Nihilism is defined in Le Petit Larousse as “a revolutionary tendency of the Russian intelligentsia of the 1860s, characterized by the rejection of the values of the preceding generation.” The logic of the term itself is that a nihilist reduces all non-empirical or prejudicial notions to nothing (nihil). It developed into a broad culture, originally from Ivan Turgenev's novel Fathers and Sons (1862) and the utopian novel What Is To Be Done? by Nikolai Chernyshevsky (1863), but the idea and use of the term lasted long after these seminal works. Historian Steven Cassedy summarizes Turgenev's version as “rigidly materialistic in its denial of free will and any spiritualistic dimension to human life,” strictly scientific, and “egoistic in its rejection of any kind of a priori moral obligation." In Chernyshevsky it was a lifestyle and an attitude. Nihilism meant “ostentatious awkwardness, a studied indifference to attire and grooming, and a taste for shocking living arrangements.” One reason why Nihilism had so profound an impact on Russian history is that no entitlement of nobility or royalty was recognized, including their right to live after causing widespread sorrow and death in the general population. Some nihilists went so far as killing Czar Alexander II by blowing his royal legs off with a dynamite bomb, thrown by Ignattii Grinevitskii on March 1, 1881.
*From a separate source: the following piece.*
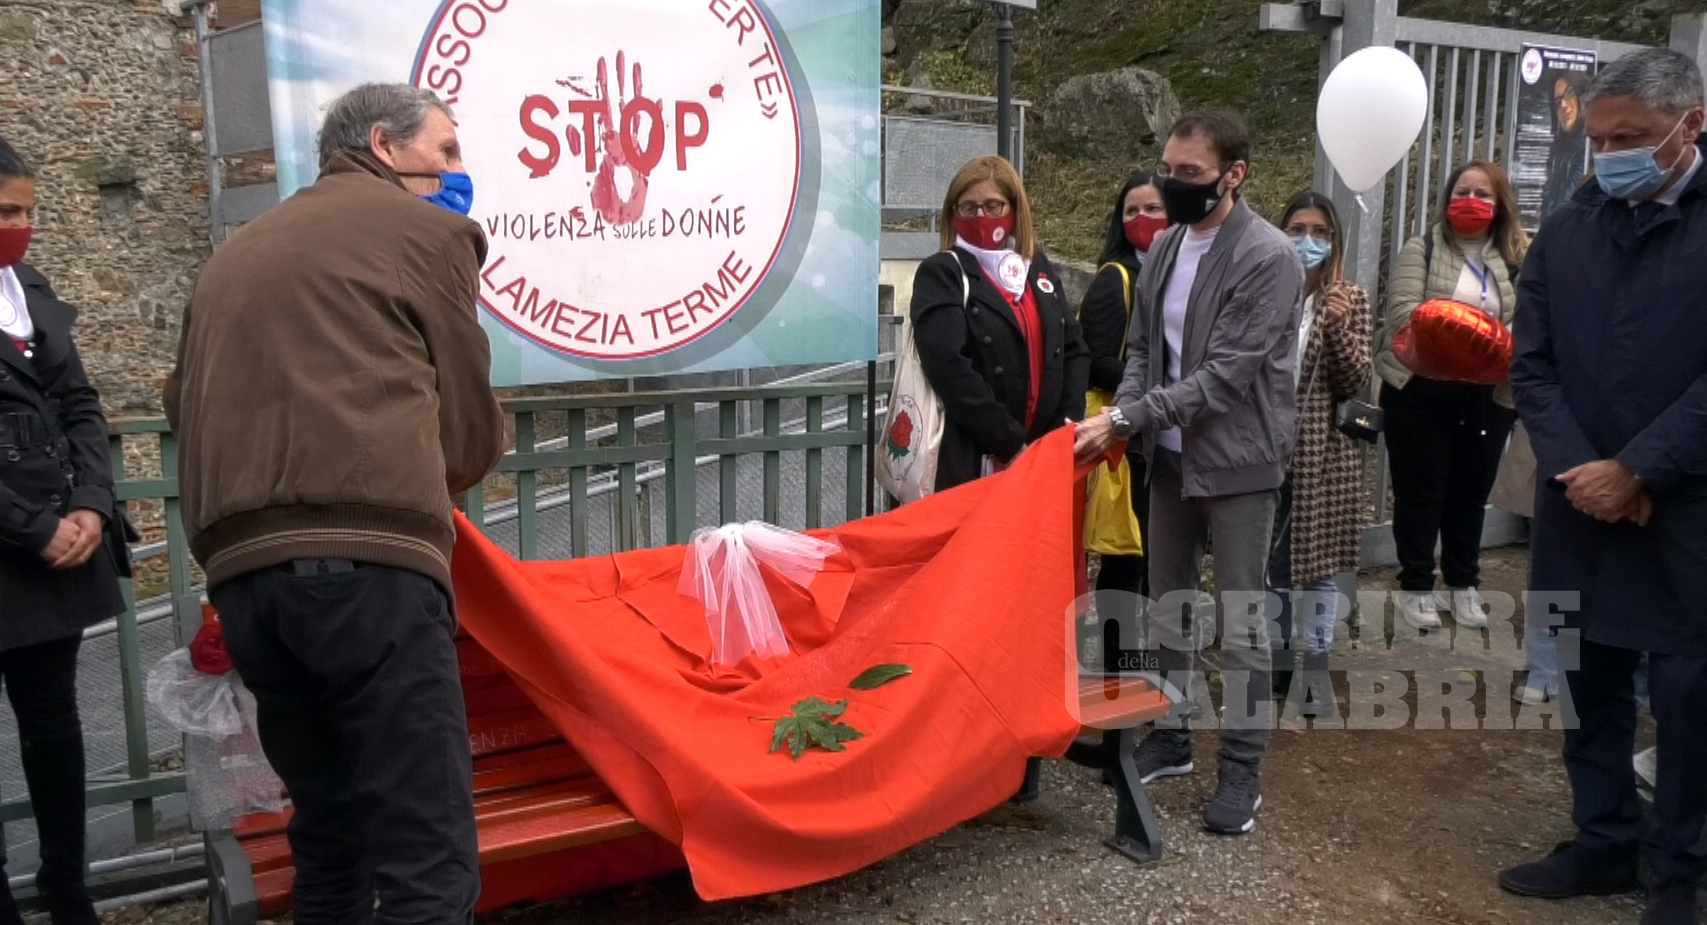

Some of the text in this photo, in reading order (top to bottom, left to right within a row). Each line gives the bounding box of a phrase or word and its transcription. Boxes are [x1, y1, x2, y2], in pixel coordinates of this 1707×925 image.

In her story, Voltairine takes care to fictionalize her characters so that no real nihilist known to her in Philadelphia could be identified. However, certain traits hint toward comrades from whom she may have derived the characters. In 1893 she knew members of the Knights of Freedom, a controversial anarchist group involved in the labor movement and very militant atheism. Although in the present article de Cleyre mentions no Jews, all or most examples from her life and a large segment of all the nihilists were Jewish. The personalities we know of were young, barely born in the early days of Nihilism. By the time she wrote this, Russian anarchism and Nihilism had become very closely associated, and the terms were sometimes used interchangeably.
One nihilist in Voltairine's circle was Natasha Notkin, a very close associate who became a pharmacist at the beginning of the 20th Century. Born in Russia in 1870, Notkin identified specifically as a Nihilist, having arrived in the United States when she was fifteen. Sometimes called the “soul” of the city's movement, she was revered by comrades for her sober-minded organizing work, and we have evidence of her activism from around 1892 until 1917. Natasha was noted for her self-sacrificing dedication, being "married to the movement.” She never made public speeches, but she was co-founder of two important lecture clubs (Ladies' Liberal League and Social Science Club), she served as treasurer for many fundraising drives, and she would organize large, elaborate fundraiser balls, including the annual Russian Tea Party. She also served as the local agent for the key anarchist newspapers Free Society and Mother Earth, and paid for articles to be translated from European anarchist journals. Natasha Notkin was no publicity-seeker: although she was a publicly known, widely respected leader among the anarchists of a large city for some 25 years, we have only one image of her face (a quick sketch made by a mainstream paper's illustrator), and all of the quotes we have of her own words would fill up less than a single page. A young John Cournos remembered visiting her apartment, where the other visitors were “all sprawling about the floor of the sitting room, the men with their arms about the women.” He found this shocking at the time. Notkin was already dead by 1930, but we know neither where she died, nor the cause of her death, nor what was done with her remains.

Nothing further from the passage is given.